This paper investigates the generalization performance of random feature methods under generalized spectral regularization—including explicit schemes (e.g., Tikhonov regularization) and implicit schemes (e.g., gradient descent and accelerated algorithms). Leveraging insights from neural tangent kernel (NTK) theory, it establishes optimal learning rates for the first time under non-RKHS-type regularity assumptions, thereby unifying the analysis of implicit and explicit regularization mechanisms. Methodologically, the work integrates random feature mappings, spectral analysis, source condition modeling, and rigorous generalization error bound derivation to obtain tight convergence rates for both neural networks and neural operators.

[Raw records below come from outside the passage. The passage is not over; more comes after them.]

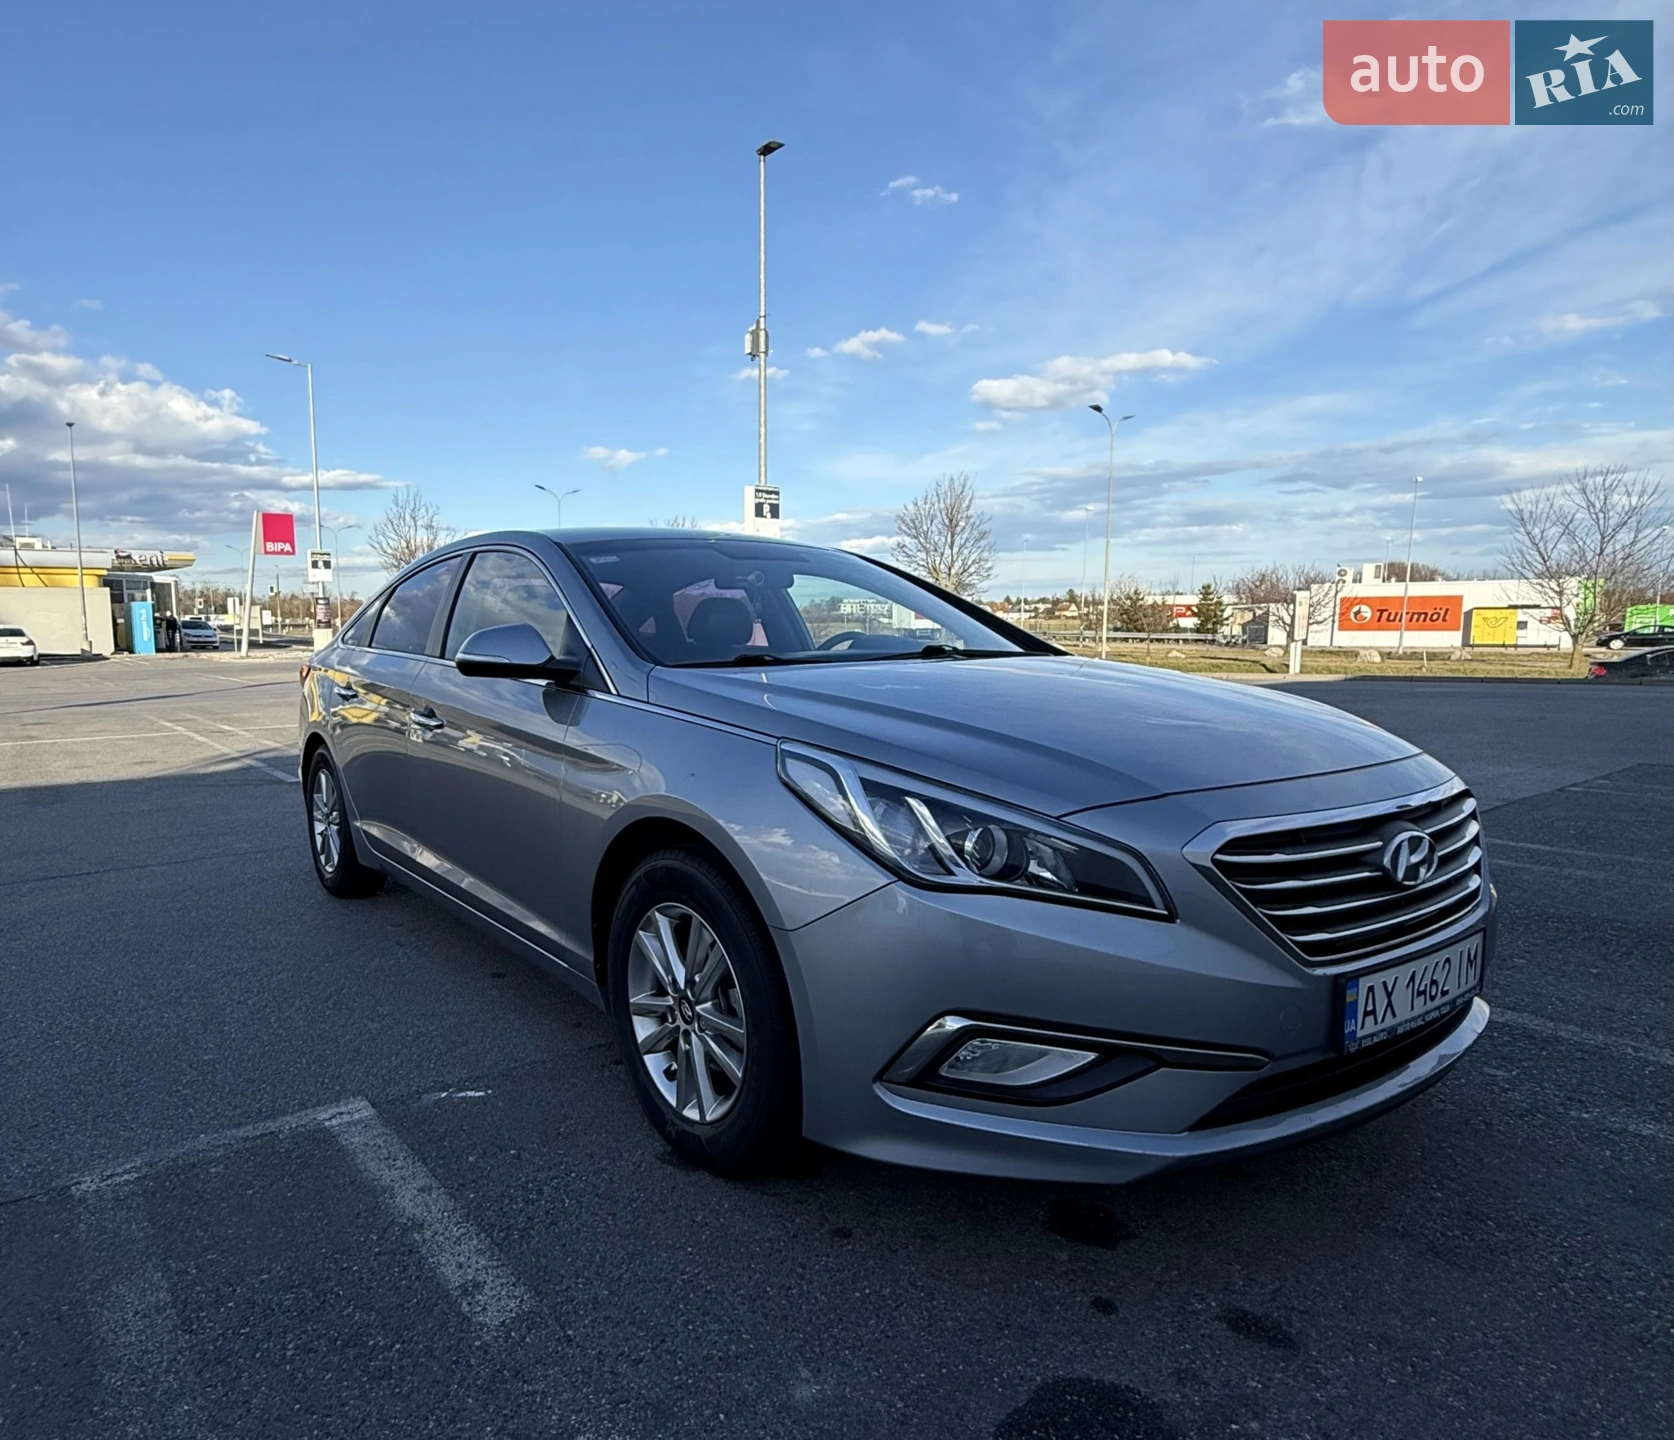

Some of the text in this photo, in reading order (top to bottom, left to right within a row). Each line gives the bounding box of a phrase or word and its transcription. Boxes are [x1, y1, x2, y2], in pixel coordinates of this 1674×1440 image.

[266, 541, 293, 553] BIPA
[138, 550, 167, 567] eni
[1376, 607, 1450, 623] Turmöl
[1359, 976, 1399, 1031] AX
[1404, 954, 1452, 1012] 1462
[1457, 942, 1479, 990] IM
[1344, 1019, 1356, 1034] UA

Key contributions are: (1) extending optimal convergence guarantees beyond the RKHS framework to broader classes of spectral regularity; (2) providing a unified, tight, and improved theoretical bound applicable to diverse kernel-based algorithms; and (3) substantially enhancing computational efficiency and depth of generalization analysis for large-scale kernel methods.

Random feature approximation is arguably one of the most popular techniques to speed up kernel methods in large scale algorithms and provides a theoretical approach to the analysis of deep neural networks. We analyze generalization properties for a large class of spectral regularization methods combined with random features, containing kernel methods with implicit regularization such as gradient descent or explicit methods like Tikhonov regularization. For our estimators we obtain optimal learning rates over regularity classes (even for classes that are not included in the reproducing kernel Hilbert space), which are defined through appropriate source conditions. This improves or completes previous results obtained in related settings for specific kernel algorithms.